Dans un rapport publié sur son site dans la journée du 18 janvier, Human rights watch a estimé que la police marocaine a fait excessivement usage de sa force, provoquant des dizaines de blessés dont certains sérieusement blessés à la tête, lors des manifestations des enseignants stagiaires le 7 janvier dans les villes de Casablanca, Marrakech, Inezgane, Tanger, Fès et Oujda.
Les policiers se sont, d’après les informations de l’ONG, servi de matraques, de bâtons et de pierres (jetées aux manifestants). Des manifestants d’Inezgane ont dit à HRW que les réactions policières ont été particulièrement violentes. Par ailleurs, l’organisme affirme avoir eu accès à des photos et des vidéos ainsi que des rapports médicaux accablants.
L’organisation fait remarquer que bien qu’Abdellatif Hammouchi ait annoncé, le 7 janvier, l’ouverture d’une enquête sur ces événements, le ministère de l’Intérieur a, un peu plus tard dans la journée, minimisé les violences policières, défendant l’action des forces de l’ordre en soulignant que les stations s’étaient tenues sans accord préalable du gouvernement.

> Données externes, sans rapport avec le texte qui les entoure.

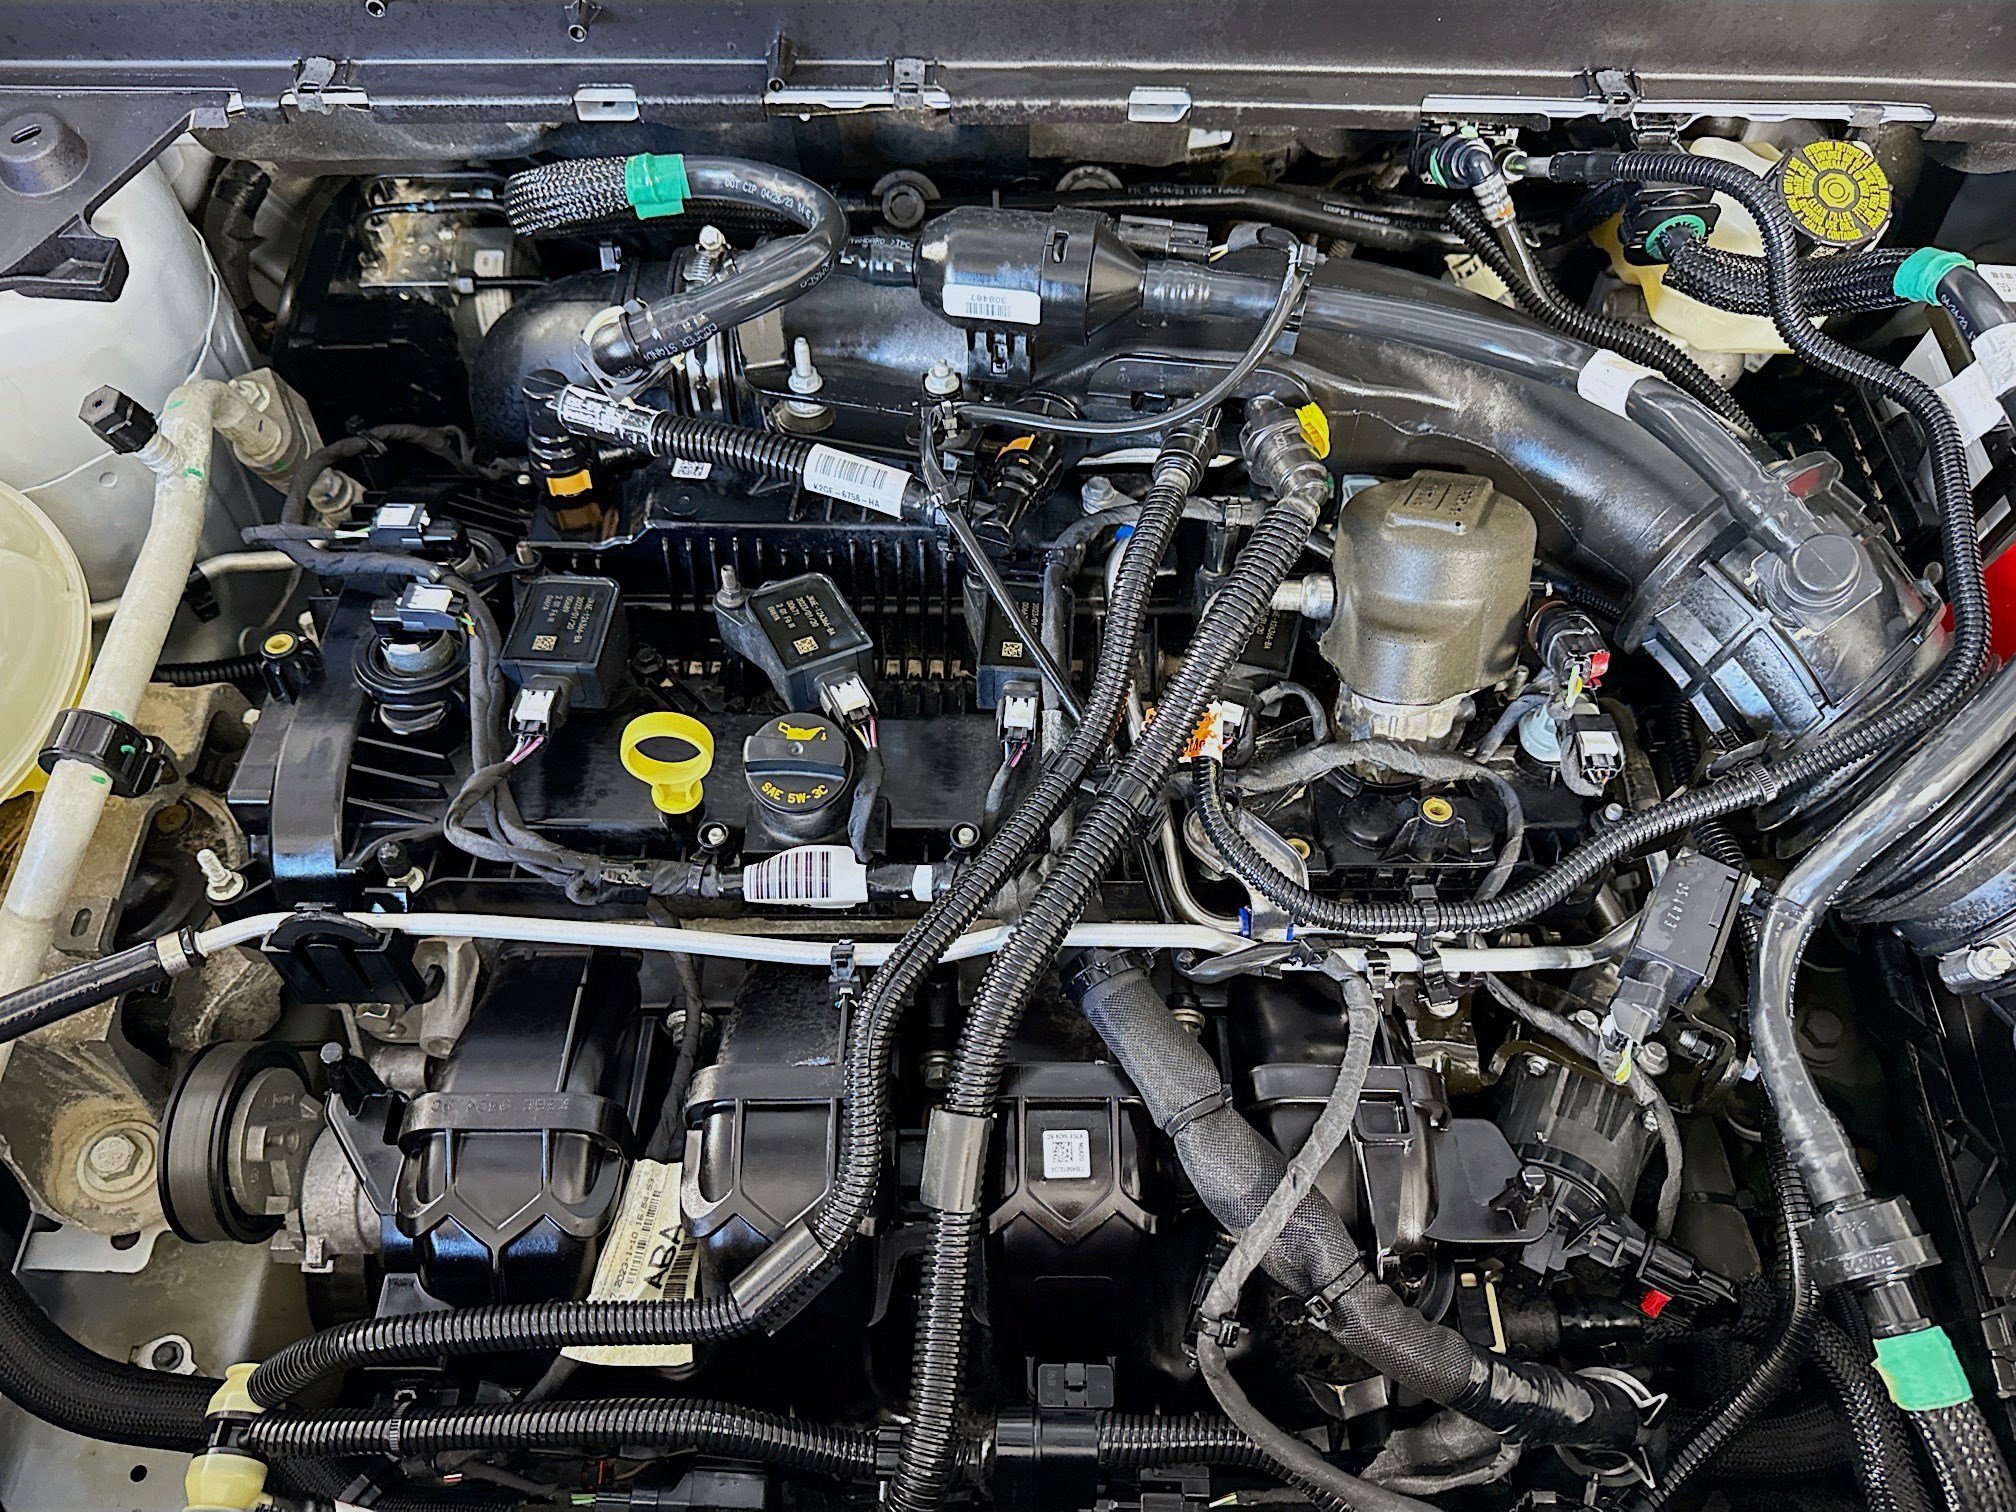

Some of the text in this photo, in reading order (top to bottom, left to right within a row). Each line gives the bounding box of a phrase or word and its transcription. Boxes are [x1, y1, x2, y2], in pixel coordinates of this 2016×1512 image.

[724, 178, 740, 189] DOT
[742, 182, 758, 194] CIP
[1323, 204, 1350, 216] COOPER
[796, 597, 819, 628] 2023/01/20
[762, 782, 784, 800] SAE
[614, 1232, 638, 1288] 2023-1-10
[643, 1224, 682, 1289] ABA
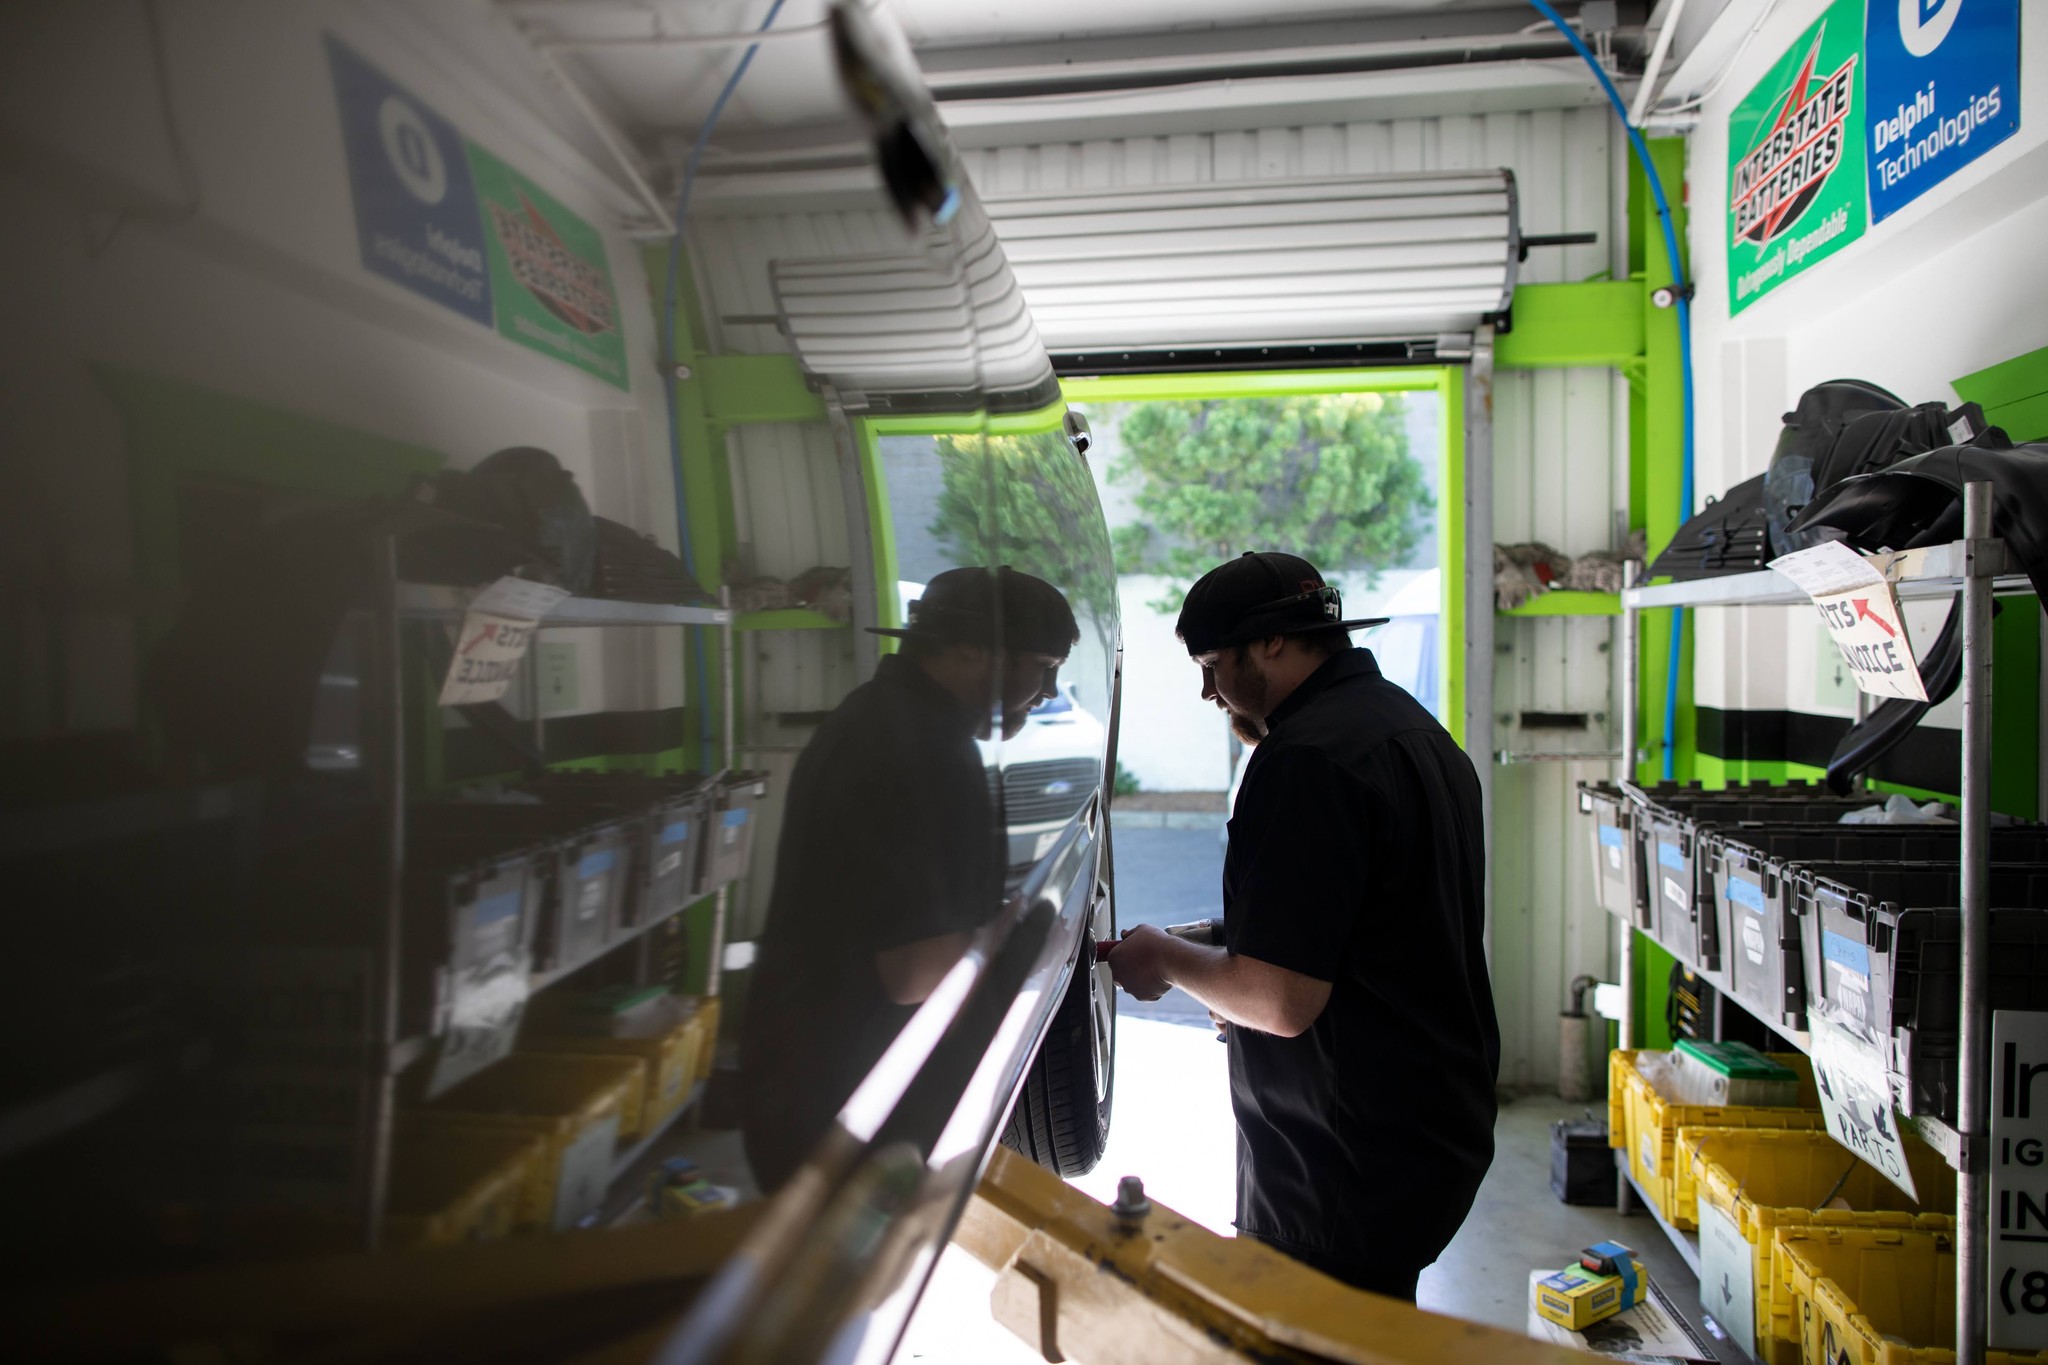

Les organisateurs du corps enseignant ont pour leur part maintenu qu’ils n’ont pas formellement notifié les autorités administratives, car ils étaient "certains qu’ils n’auraient pas obtenu d’accord". (Il faut recevoir un reçu cacheté de reconnaissance par les autorités.) Citant l’Association marocaine des droits de l’homme, HRW rapporte que la répression policière a fait 100 blessés à Inezgane, 20 à Marrakech, 8 à Tanger et 40 à Casablanca.